Frightening Parallels Between NRC-Excluded in Assam and Rohingya Refugees

by GoNews Desk 4 years ago Views 1904

NRC
In both cases, the poor people, ecosystems, and regional cooperation are the victims

By Vidya Krishnan/thethirdpole.net


Cover photo: Courtesy David Talukdar / Shutterstock

 

On December 22, 2019 Mohammed Sanaullah, a retired army officer settled down in front of his television in his ancestral home in Kalahikash village, 60 kilometres from Guwahati, the capital of the state of Assam in north-eastern India.

The family had tuned in to watch the Indian Prime Minister, Narendra Modi, address an election rally in Delhi, speaking for the first time since protests had broken out across the country against a contentious law that promises Indian citizenship to asylum seekers from Pakistan, Bangladesh and Afghanistan, unless they are Muslims. In his speech Modi said, “the citizenship law or the NRC [National Register of Citizens, another contentious exercise] have nothing to do with Indian Muslims. They have nothing to worry.” The Prime Minister added that his political opponents were spreading rumours that Muslims would be sent to detention centres.

“Neither is anybody sending the country’s Muslims to detention centres nor are there any detention centres in India… The Muslims of India don’t need to worry at all,” said Modi.

Sanaullah had just experienced a different reality from the one the Prime Minister described.

The 53-year-old war veteran was declared a ‘foreigner’ after his name did not figure in the NRC list. On May 27, 2019, when he went to a Foreigners’ Tribunal set up to deal with cases like his, Sanaullah was placed under arrest and sent to a detention camp in Goalpara in Assam.

The 53-year-old war veteran was declared a ‘foreigner’ after his name did not figure in the NRC list. On May 27, 2019, when he went to a Foreigners’ Tribunal set up to deal with cases like his, Sanaullah was placed under arrest and sent to a detention camp in Goalpara in Assam.

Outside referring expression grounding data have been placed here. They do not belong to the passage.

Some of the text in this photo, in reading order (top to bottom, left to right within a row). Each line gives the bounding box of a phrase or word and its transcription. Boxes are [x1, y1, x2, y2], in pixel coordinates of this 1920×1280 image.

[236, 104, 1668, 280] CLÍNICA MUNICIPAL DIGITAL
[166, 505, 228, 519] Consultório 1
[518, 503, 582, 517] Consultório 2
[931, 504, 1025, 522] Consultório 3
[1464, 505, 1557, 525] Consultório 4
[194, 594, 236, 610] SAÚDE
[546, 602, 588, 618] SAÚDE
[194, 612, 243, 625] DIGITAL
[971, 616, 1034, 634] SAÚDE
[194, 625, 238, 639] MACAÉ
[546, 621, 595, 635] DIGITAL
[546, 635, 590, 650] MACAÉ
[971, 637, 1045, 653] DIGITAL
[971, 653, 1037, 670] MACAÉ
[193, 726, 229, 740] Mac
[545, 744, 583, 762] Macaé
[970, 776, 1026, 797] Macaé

“Where was I sent if that was not a detention centre? He is denying buildings that physically exist. I will never forget the 11 excruciating days I spent in the detention camp,” Sanaullah said when I met him in his village in late January. He has appealed against the order in the Guwahati High Court, and is currently out on bail.

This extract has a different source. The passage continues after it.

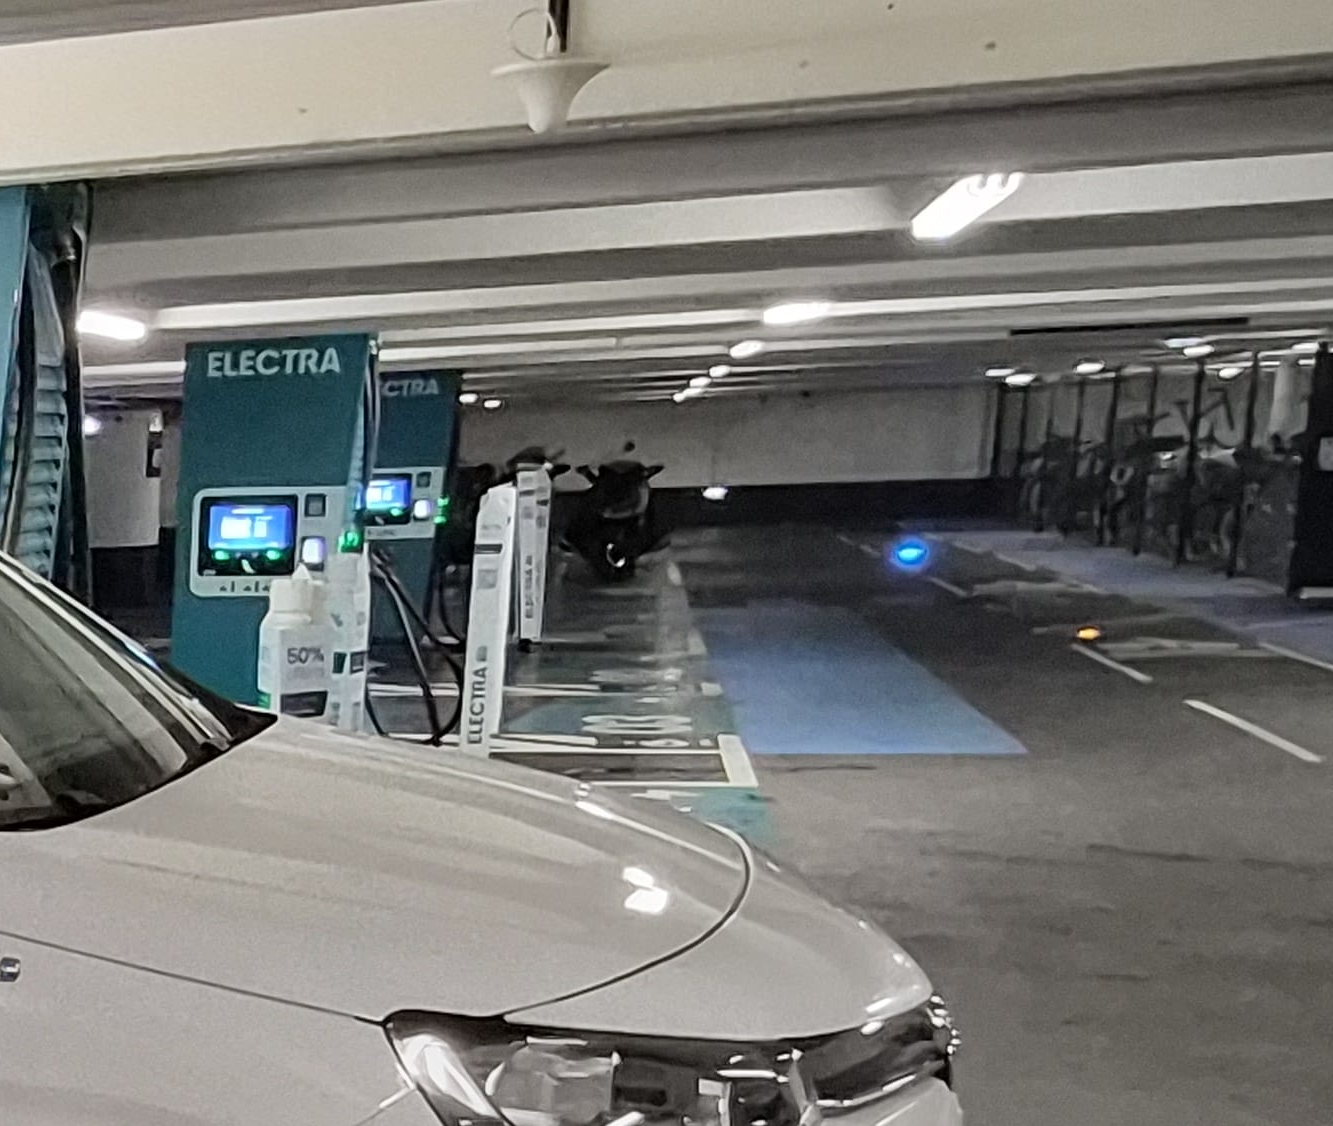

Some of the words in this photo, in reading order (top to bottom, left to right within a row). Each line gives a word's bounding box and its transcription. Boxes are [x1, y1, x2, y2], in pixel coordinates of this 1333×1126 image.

[207, 347, 341, 377] ELECTRA
[380, 378, 439, 397] CTRA
[287, 647, 325, 665] 50%
[467, 667, 488, 744] ELECTRA

( Currently those being detained are being held in camps within existing jails in Assam)

Just the beginning

Assam’s NRC list published in 2019 has left 1.9 million people out of those ‘deemed’ Indians. They now have to approach foreigners’ tribunals to ‘prove’ they are Indian citizens. A large proportion of those excluded are women. An appeal to a tribunal would cost a minimum of INR 50,000 (USD 680) per case. If even a million of those excluded appeal – and it is likely that most will – this will be a minimum cost of INR 50 billion (USD 680 million) borne by the poorest of the poor.

Meanwhile, the authorities have already set up six detention centres in old jail facilities and are building new ones.

No one has thought of the effect all this will have on the ecosystem in river- and forest-rich Assam. At least one detention centre – the one in Goalpara – is coming up in a floodplain. And putting residents of river islands – especially women – in detention centres has long-term adverse effects on the islands themselves.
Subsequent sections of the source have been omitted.